Work to be completed ▸ Reproduce all of the entries below exactly, without images.

Exercise materials ▸

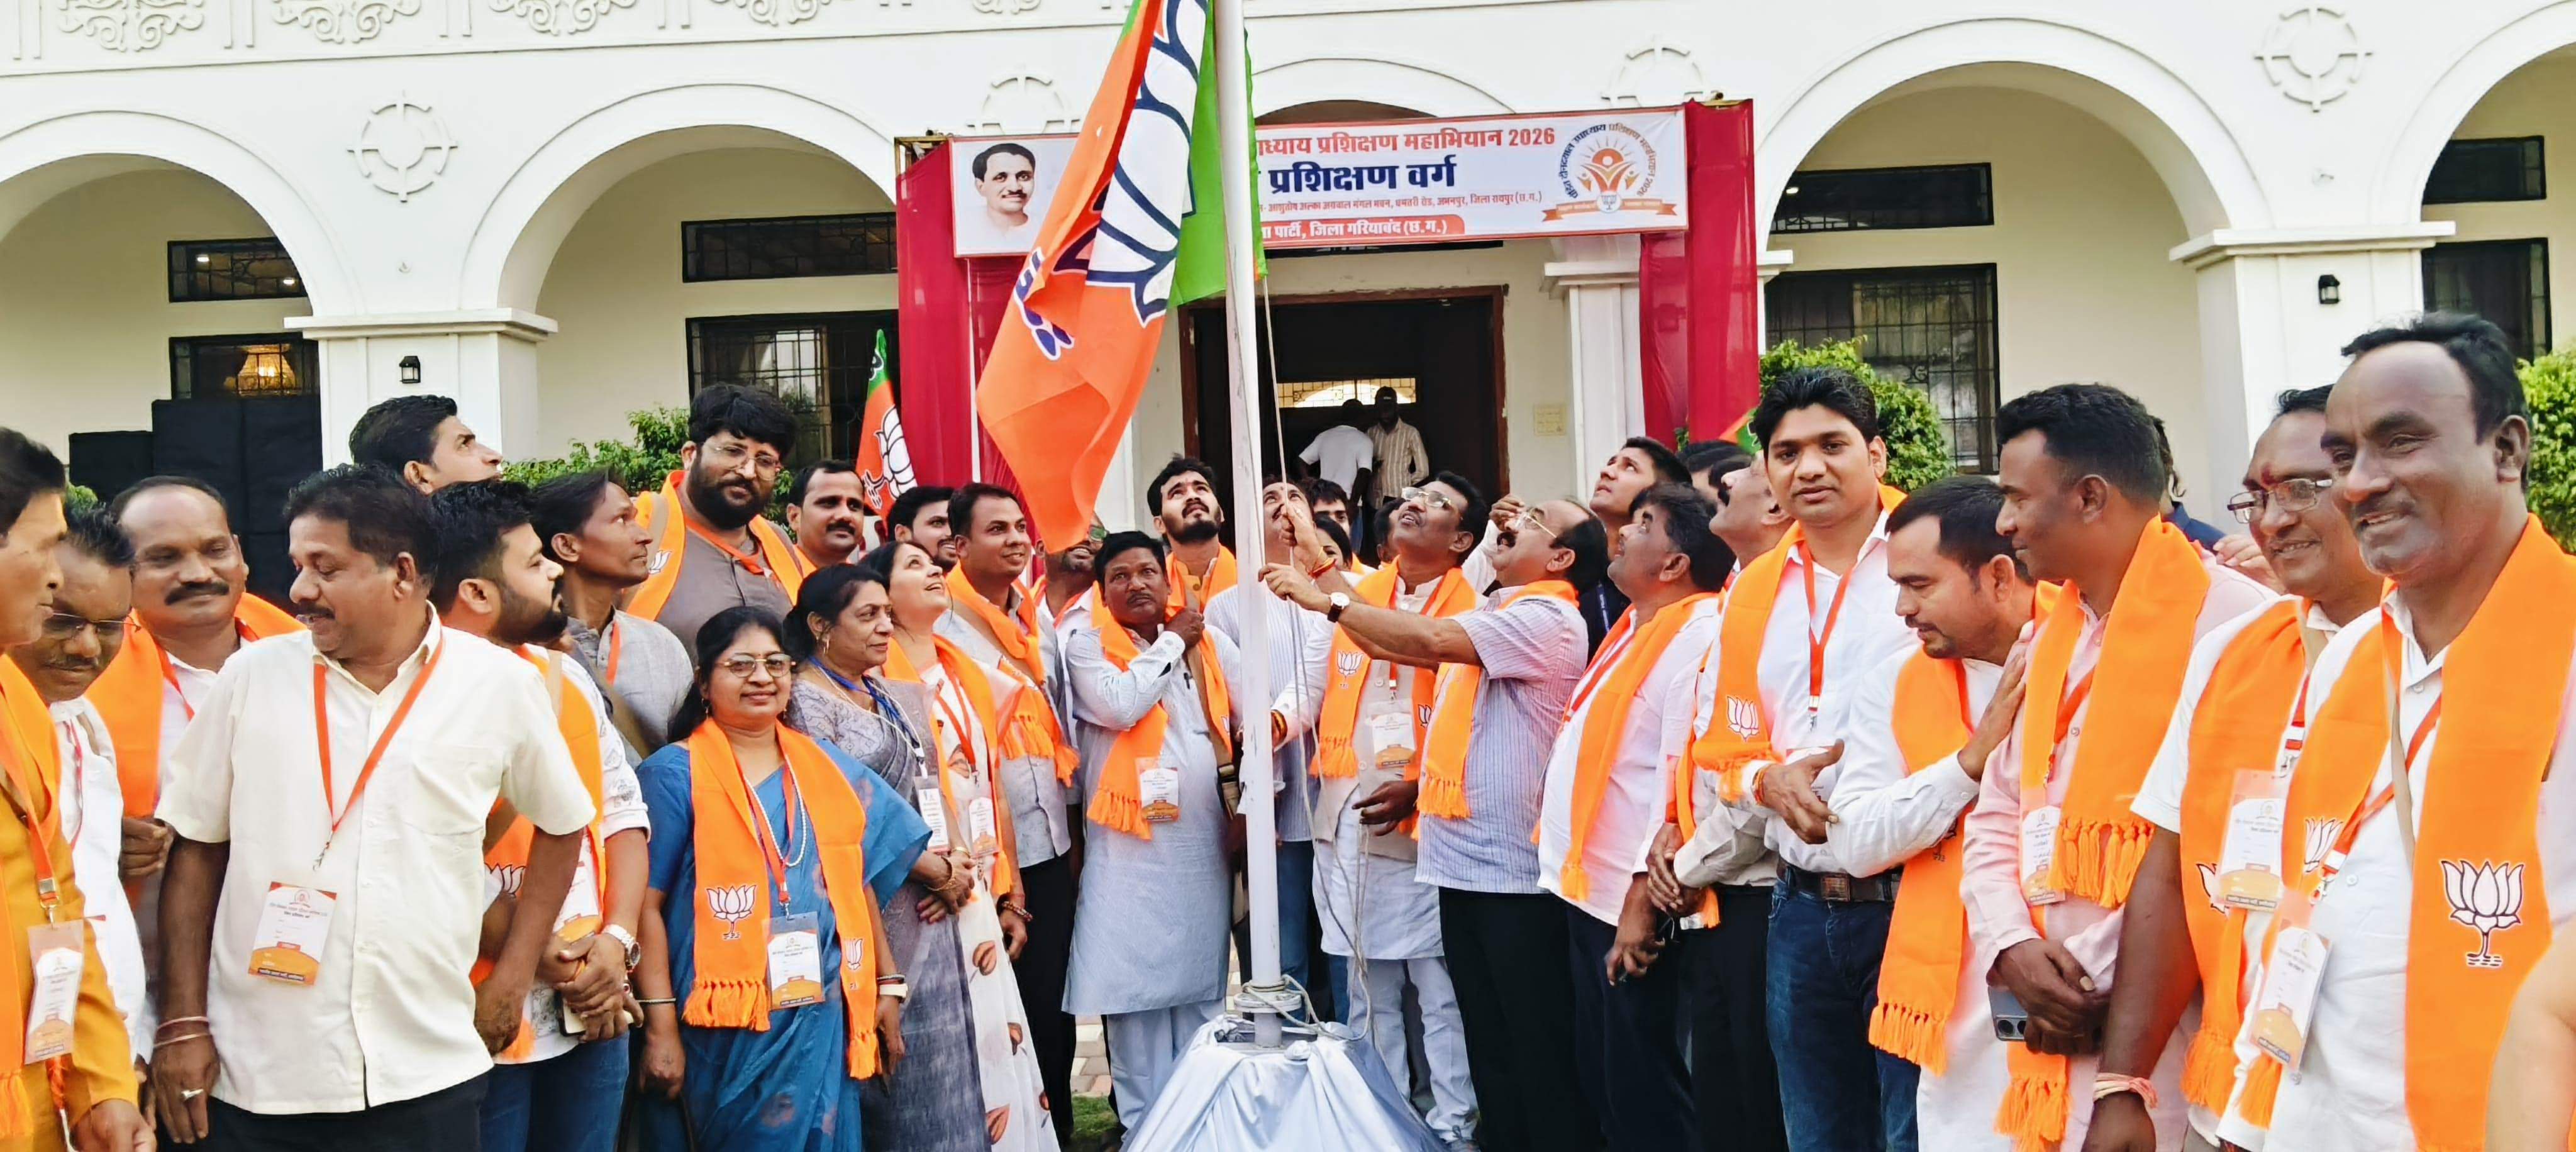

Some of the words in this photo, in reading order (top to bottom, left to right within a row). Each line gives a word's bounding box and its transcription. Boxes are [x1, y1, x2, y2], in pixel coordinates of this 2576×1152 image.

[1257, 137, 1313, 156] ाध्याय
[1316, 131, 1399, 155] प्रशिक्षण
[1404, 128, 1504, 150] महाभियान
[1508, 128, 1555, 147] 2026
[1268, 161, 1399, 194] प्रशिक्षण
[1406, 154, 1457, 187] वर्ग
[1309, 220, 1345, 238] जिला
[1346, 218, 1402, 236] गरियाबंद

Written reply ▸
Some of the words in this photo, in reading order (top to bottom, left to right within a row). Each line gives a word's bounding box and its transcription. Boxes are [x1, y1, x2, y2], in pixel coordinates of this 2576×1152 image.

[1257, 137, 1313, 156] ाध्याय
[1316, 131, 1399, 155] प्रशिक्षण
[1404, 128, 1504, 150] महाभियान
[1508, 128, 1555, 147] 2026
[1268, 161, 1399, 194] प्रशिक्षण
[1406, 154, 1457, 187] वर्ग
[1309, 220, 1345, 238] जिला
[1346, 218, 1402, 236] गरियाबंद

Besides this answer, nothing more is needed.